Reproduce the following records exactly from the line containing "this 1500×1000 image." onward, ending with the last line and including it.

===== Records supplied =====

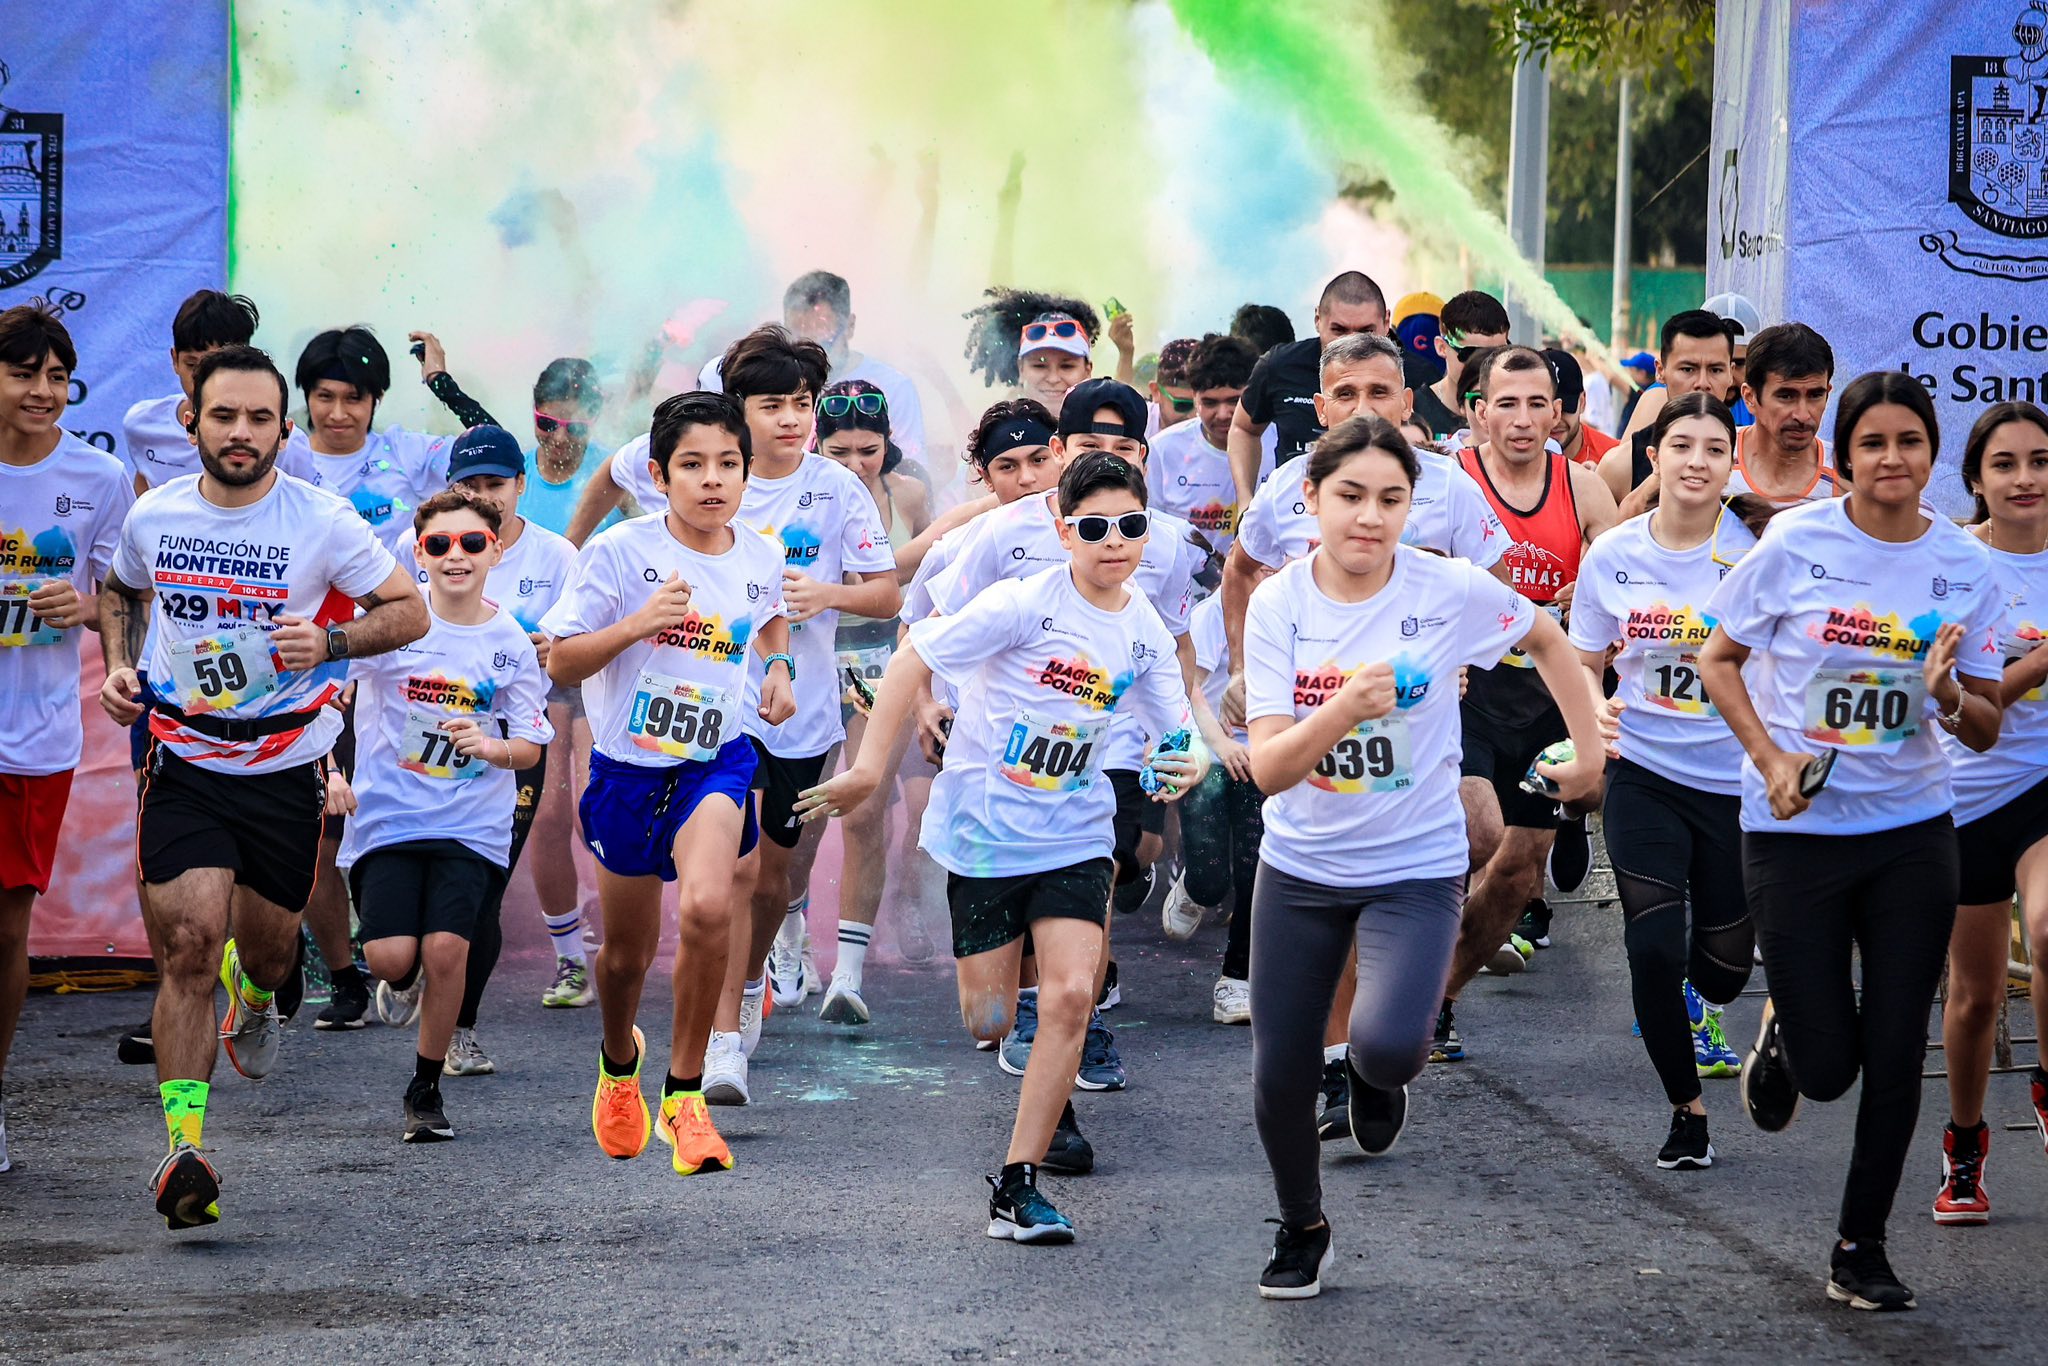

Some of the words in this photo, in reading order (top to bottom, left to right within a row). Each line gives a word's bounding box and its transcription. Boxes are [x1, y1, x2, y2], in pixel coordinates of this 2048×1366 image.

[1984, 61, 1998, 74] 18
[1972, 259, 2014, 273] CULTURA
[2016, 265, 2023, 273] Y
[1912, 311, 2048, 352] Gobie
[1901, 362, 1938, 400] e
[377, 505, 390, 515] 5K
[159, 534, 262, 559] FUNDACIÓN
[267, 545, 291, 561] DE
[20, 555, 54, 568] RUN
[57, 557, 73, 566] 5K
[155, 551, 288, 580] MONTERREY
[1508, 558, 1552, 570] CLUB
[157, 572, 226, 587] CARRERA
[1510, 566, 1562, 587] ENAS
[242, 586, 258, 596] 10K
[266, 589, 279, 598] 5K
[216, 597, 286, 622] MTY
[1627, 612, 1685, 625] MAGIC
[217, 621, 236, 630] AQUÍ
[1826, 610, 1892, 634] MAGIC
[657, 631, 711, 651] COLOR
[1627, 626, 1683, 640] COLOR
[1687, 627, 1712, 640] RU
[1822, 628, 1890, 649] COLOR
[193, 652, 248, 697] 59
[1045, 660, 1101, 685] MAGIC
[407, 678, 460, 693] MAGIC
[1039, 673, 1094, 701] COLOR
[407, 690, 459, 706] COLOR
[1824, 687, 1909, 730] 640
[645, 696, 723, 750] 958
[1020, 736, 1094, 778] 404
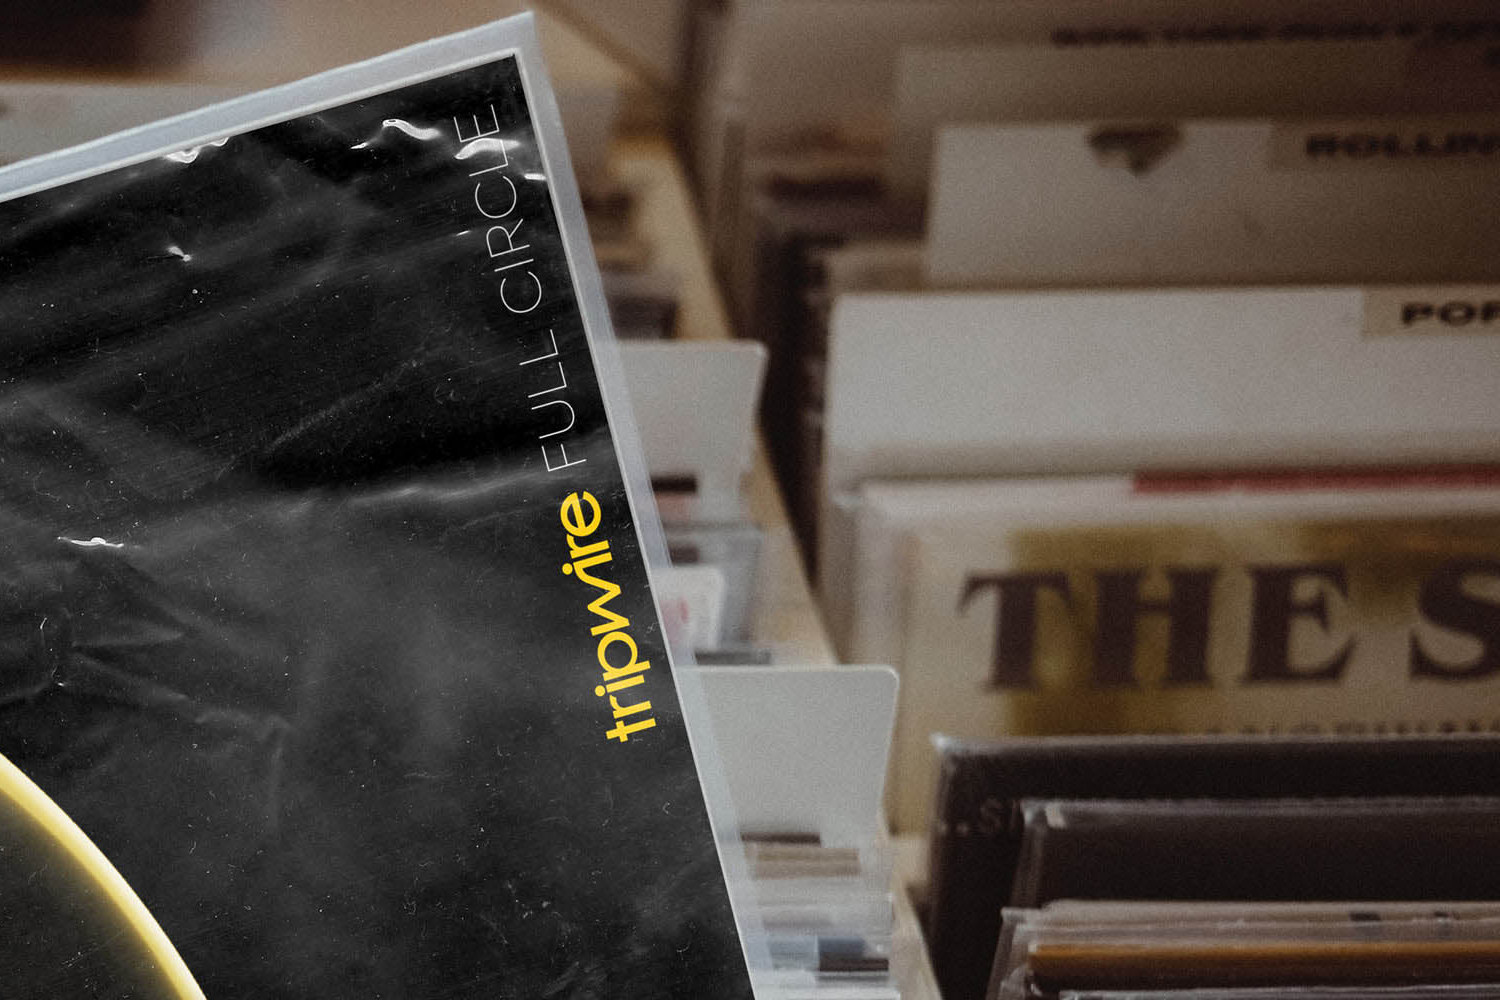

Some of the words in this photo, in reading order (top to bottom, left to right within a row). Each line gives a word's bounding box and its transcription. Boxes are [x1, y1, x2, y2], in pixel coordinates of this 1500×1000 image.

[453, 103, 543, 314] CIRCLE
[518, 328, 588, 473] FULL
[559, 489, 657, 744] tripwire
[956, 561, 1359, 693] THE

=====

**Response area:**
Some of the words in this photo, in reading order (top to bottom, left to right within a row). Each line gives a word's bounding box and its transcription. Boxes are [x1, y1, x2, y2], in pixel coordinates of this 1500×1000 image.

[453, 103, 543, 314] CIRCLE
[518, 328, 588, 473] FULL
[559, 489, 657, 744] tripwire
[956, 561, 1359, 693] THE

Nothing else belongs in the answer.